Aim of the task | In your copy, include no images and return each entry exactly as written.

[Records supplied — start]

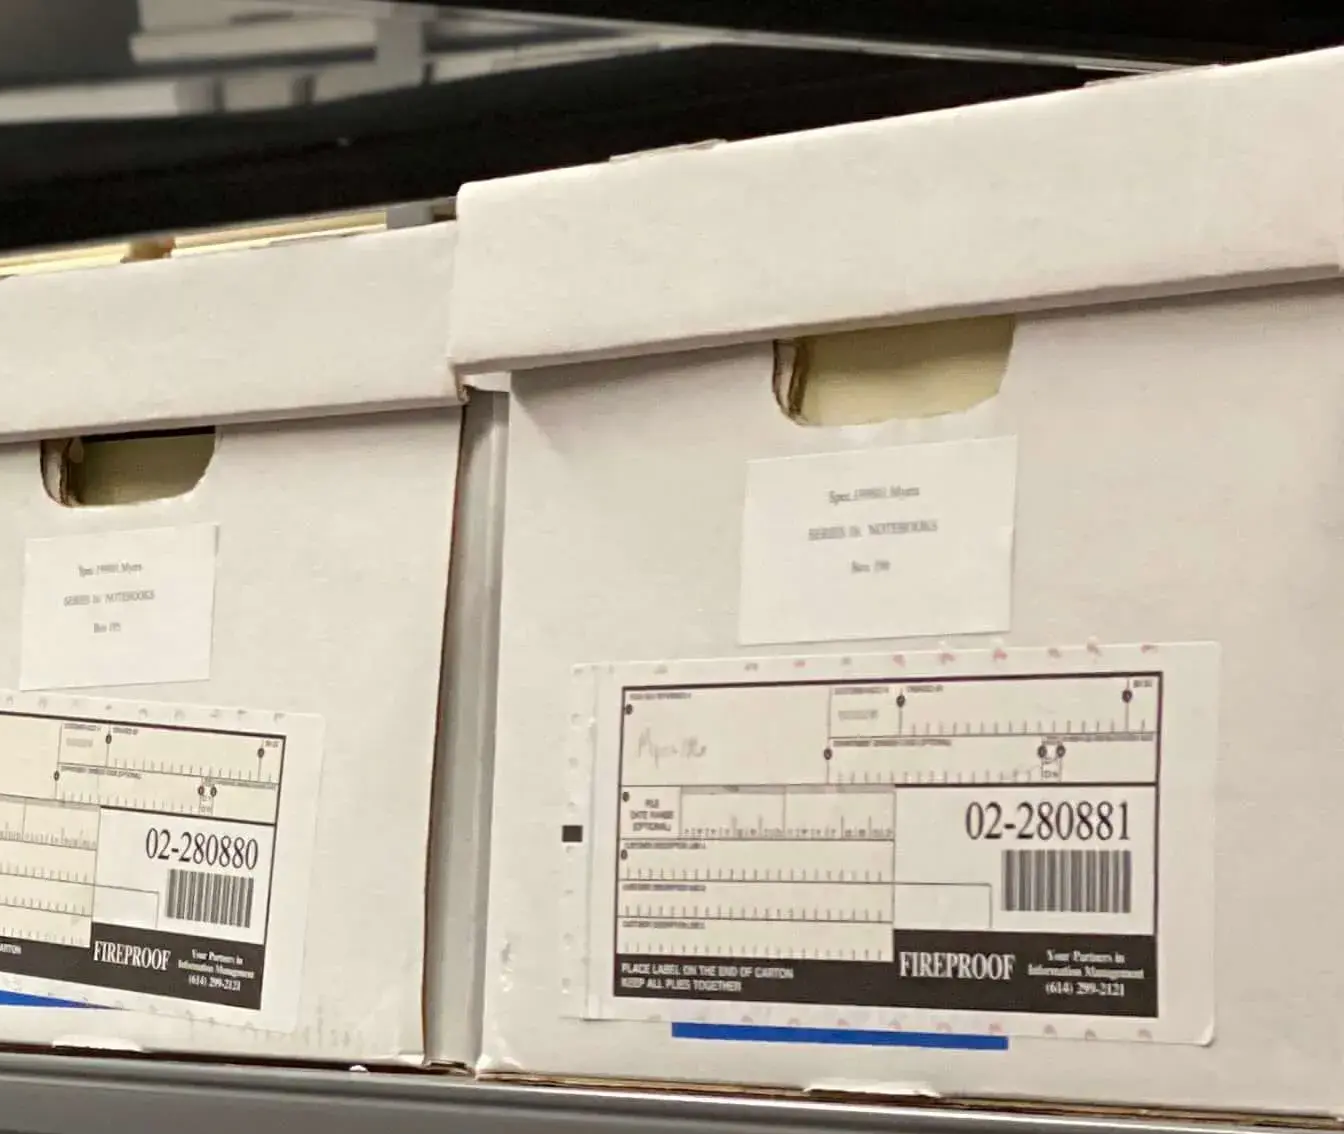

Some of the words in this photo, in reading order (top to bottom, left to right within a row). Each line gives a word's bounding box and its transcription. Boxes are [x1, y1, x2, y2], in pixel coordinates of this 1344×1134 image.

[965, 800, 1131, 841] 02-280881
[145, 827, 259, 871] 02-280880
[93, 940, 171, 971] FIREPROOF
[192, 949, 208, 960] Your
[236, 955, 243, 965] in
[1047, 950, 1070, 961] Your
[1073, 951, 1112, 963] Partners
[1115, 952, 1125, 963] in
[178, 959, 213, 973] Information
[215, 965, 255, 979] Management
[621, 963, 651, 974] PLACE
[652, 964, 680, 975] LABEL
[683, 964, 698, 976] ON
[699, 965, 716, 976] THE
[719, 966, 738, 977] END
[740, 966, 752, 978] OF
[755, 967, 794, 979] CARTON
[899, 951, 1016, 980] FIREPROOF
[1028, 964, 1082, 977] Information
[1085, 966, 1144, 980] Management
[621, 977, 645, 988] KEEP
[647, 978, 662, 989] ALL
[665, 979, 690, 990] PLIES
[694, 980, 742, 992] TOGETHER
[1045, 982, 1074, 995] (614)

[Records supplied — finish]

Response to the exercise |
Some of the words in this photo, in reading order (top to bottom, left to right within a row). Each line gives a word's bounding box and its transcription. Boxes are [x1, y1, x2, y2], in pixel coordinates of this 1344×1134 image.

[965, 800, 1131, 841] 02-280881
[145, 827, 259, 871] 02-280880
[93, 940, 171, 971] FIREPROOF
[192, 949, 208, 960] Your
[236, 955, 243, 965] in
[1047, 950, 1070, 961] Your
[1073, 951, 1112, 963] Partners
[1115, 952, 1125, 963] in
[178, 959, 213, 973] Information
[215, 965, 255, 979] Management
[621, 963, 651, 974] PLACE
[652, 964, 680, 975] LABEL
[683, 964, 698, 976] ON
[699, 965, 716, 976] THE
[719, 966, 738, 977] END
[740, 966, 752, 978] OF
[755, 967, 794, 979] CARTON
[899, 951, 1016, 980] FIREPROOF
[1028, 964, 1082, 977] Information
[1085, 966, 1144, 980] Management
[621, 977, 645, 988] KEEP
[647, 978, 662, 989] ALL
[665, 979, 690, 990] PLIES
[694, 980, 742, 992] TOGETHER
[1045, 982, 1074, 995] (614)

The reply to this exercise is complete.